Dear all,

I wish to specify a scaled inverse Wishart as formulated in this pdf, bottom of page 3. I understand how to implement it and have the following code so far (focused on the distributions). I’m focused on the case where my variance covariance matrix is only a diagonal matrix, whose elements are from a scaled inverse chi squared distribution. My MWE has the inverse chi squared:

```
using Distributions
using BayesianTools
function inverse_chi_squared(ν::Int)
""" v = the degrees of freedom parameter"""
rv = 1 ./ rand(Chisq(ν), 1_000_000)
rv_cdf = ecdf(rv)
obs = unique(rv)
# Percentiles
cdf_obs = map(x -> rv_cdf(x), sort(obs))
# Generate probability mass function for next part
pmf = Float64[]
for i in 1:length(obs)
if i == 1
append!(pmf,cdf_obs[1])
else
append!(pmf, cdf_obs[i]-cdf_obs[i-1])
end
end
# Generate the distribution object
d = DiscreteNonParametric(sort(obs), pmf)
return d
end
d(n) = ProductDistribution(LogNormal(0, 1), InverseChiSquared(n + 1))
```

Objective: To evaluate the log-pdf of this ProductDistribution given a vector in the support of this ProductDistribution.

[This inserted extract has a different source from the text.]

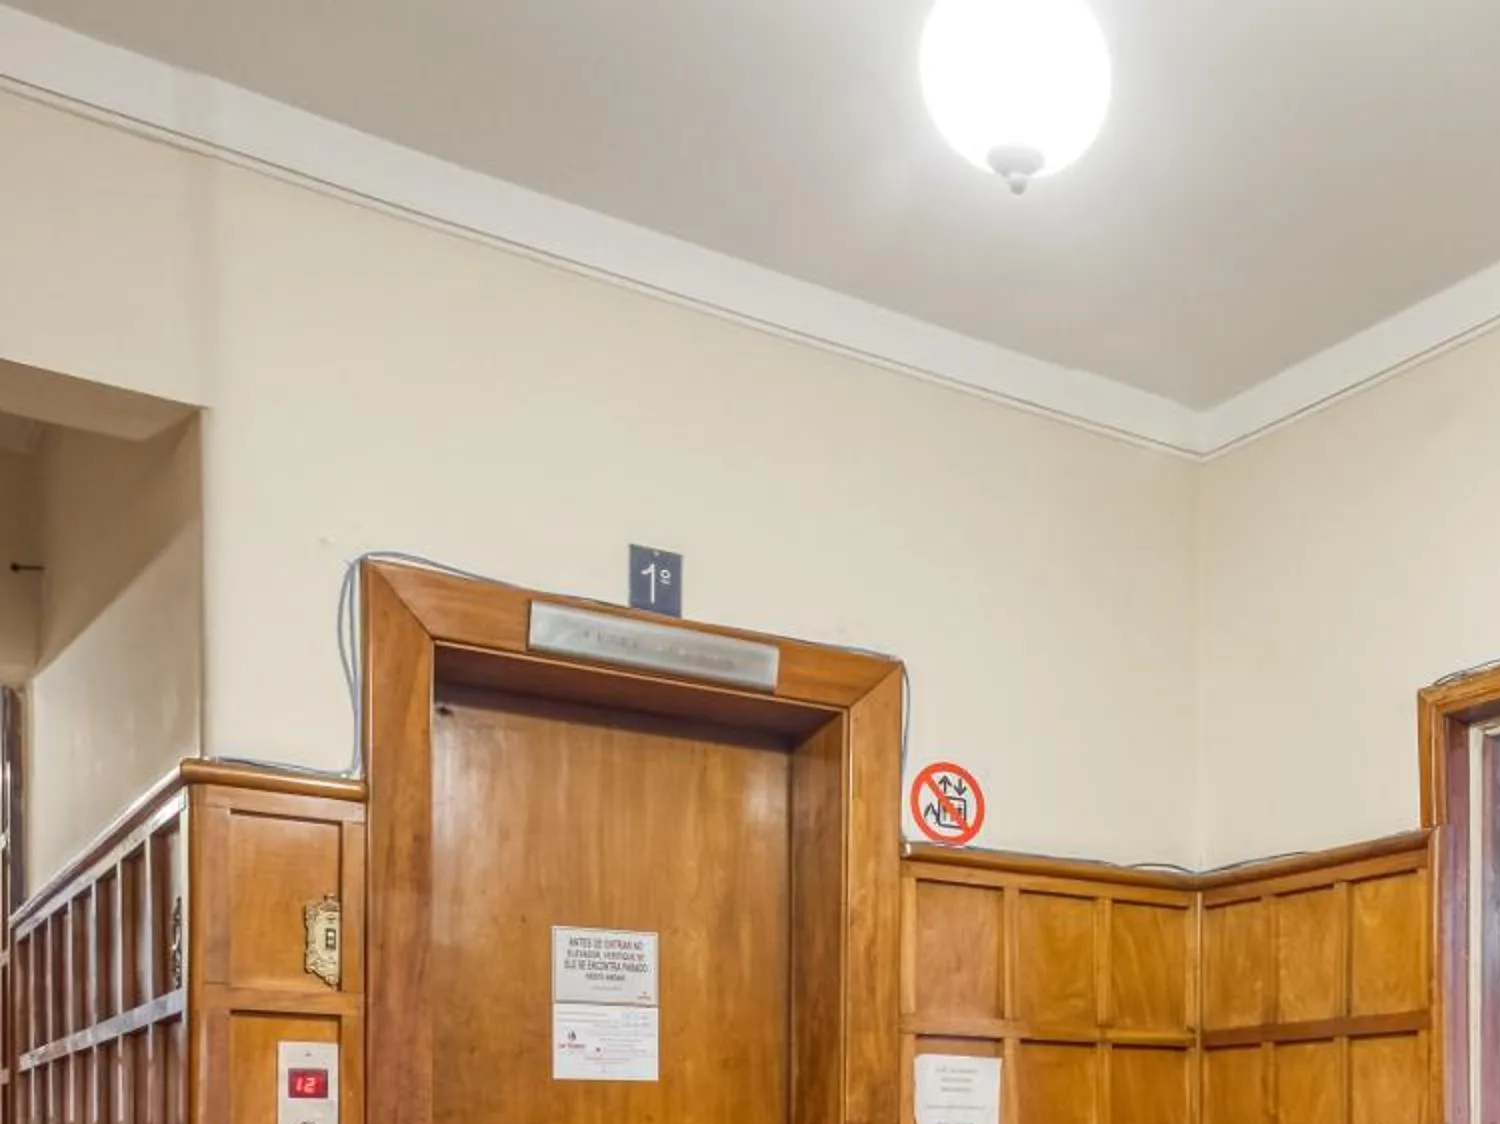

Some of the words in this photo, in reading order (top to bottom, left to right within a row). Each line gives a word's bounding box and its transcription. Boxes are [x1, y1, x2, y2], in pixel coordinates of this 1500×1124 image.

[641, 563, 671, 604] 1º
[569, 936, 592, 948] ANTES
[295, 1076, 317, 1094] 12
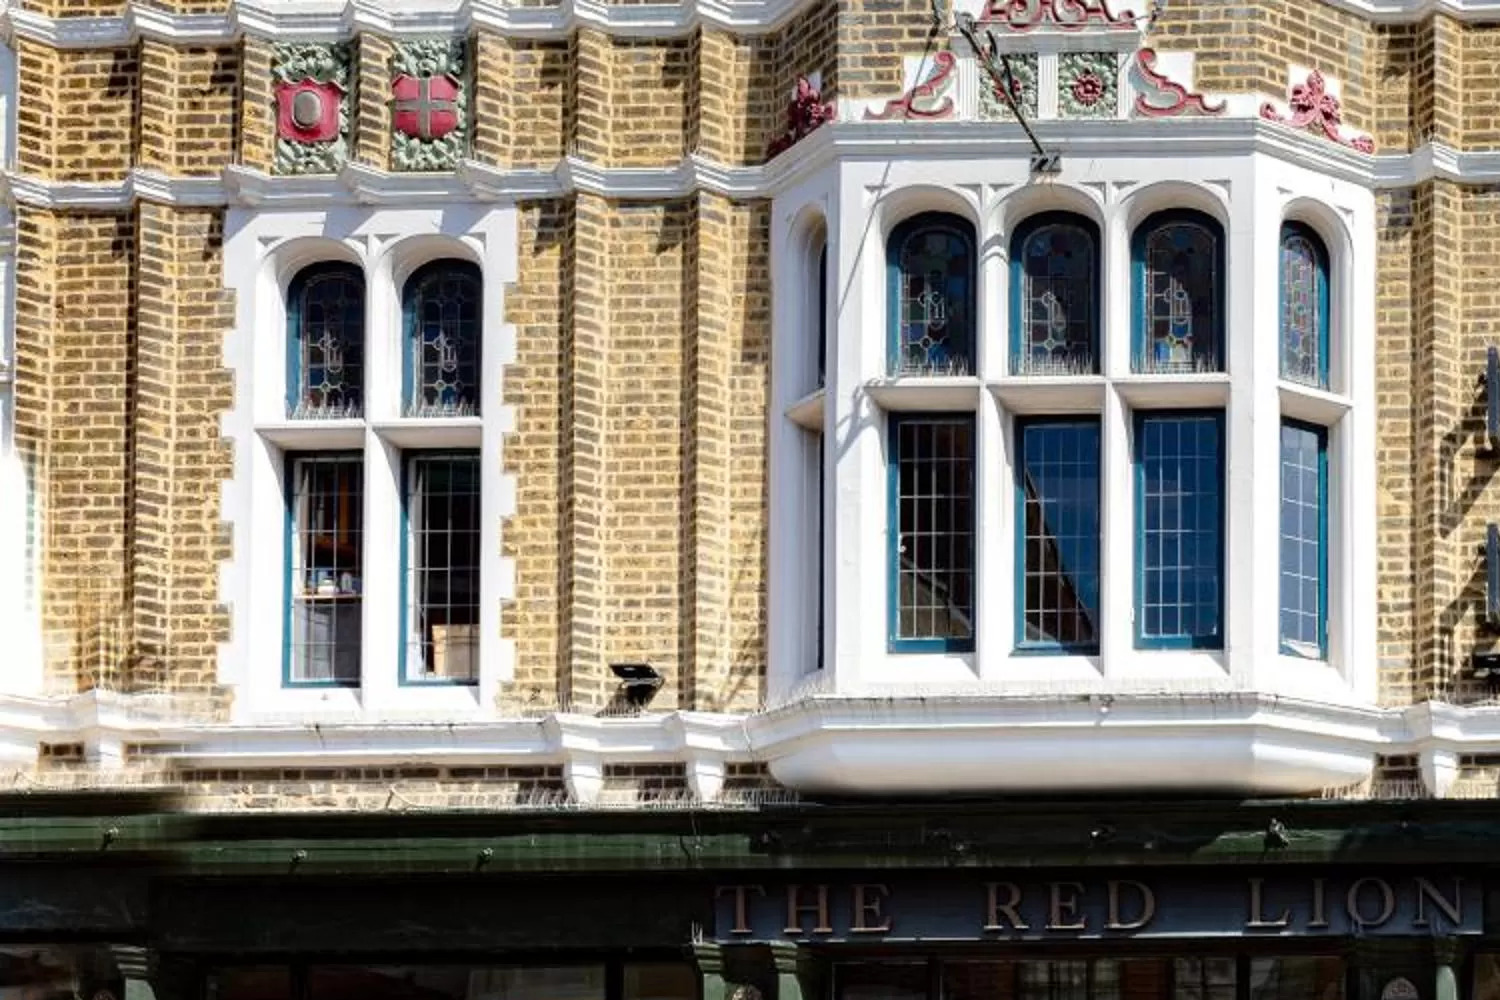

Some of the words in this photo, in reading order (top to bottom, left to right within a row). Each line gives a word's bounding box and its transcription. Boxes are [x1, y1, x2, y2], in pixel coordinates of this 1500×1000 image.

Issue: I can only evaluate for each marginal separately, but not the distribution itself i.e.,

```
d1 = ProductDistribution(Normal(0,1), Uniform(0,1), InverseGamma(0.01, 0.01))
insupport(d1, [0., 1., 1.])
logpdf(d1, [0., 0.5, 0.5]) .== logpdf(d1.marginals[1], 0.) + logpdf(d1.marginals[2], 0.5) + logpdf(d1.marginals[3], 0.5)
```

EDIT: I just realized I can reparameterize this into using an Inverse Gamma. I think I will try to just implement the entire distribution since it could be helpful going forward and it’s simply the product of two distributions.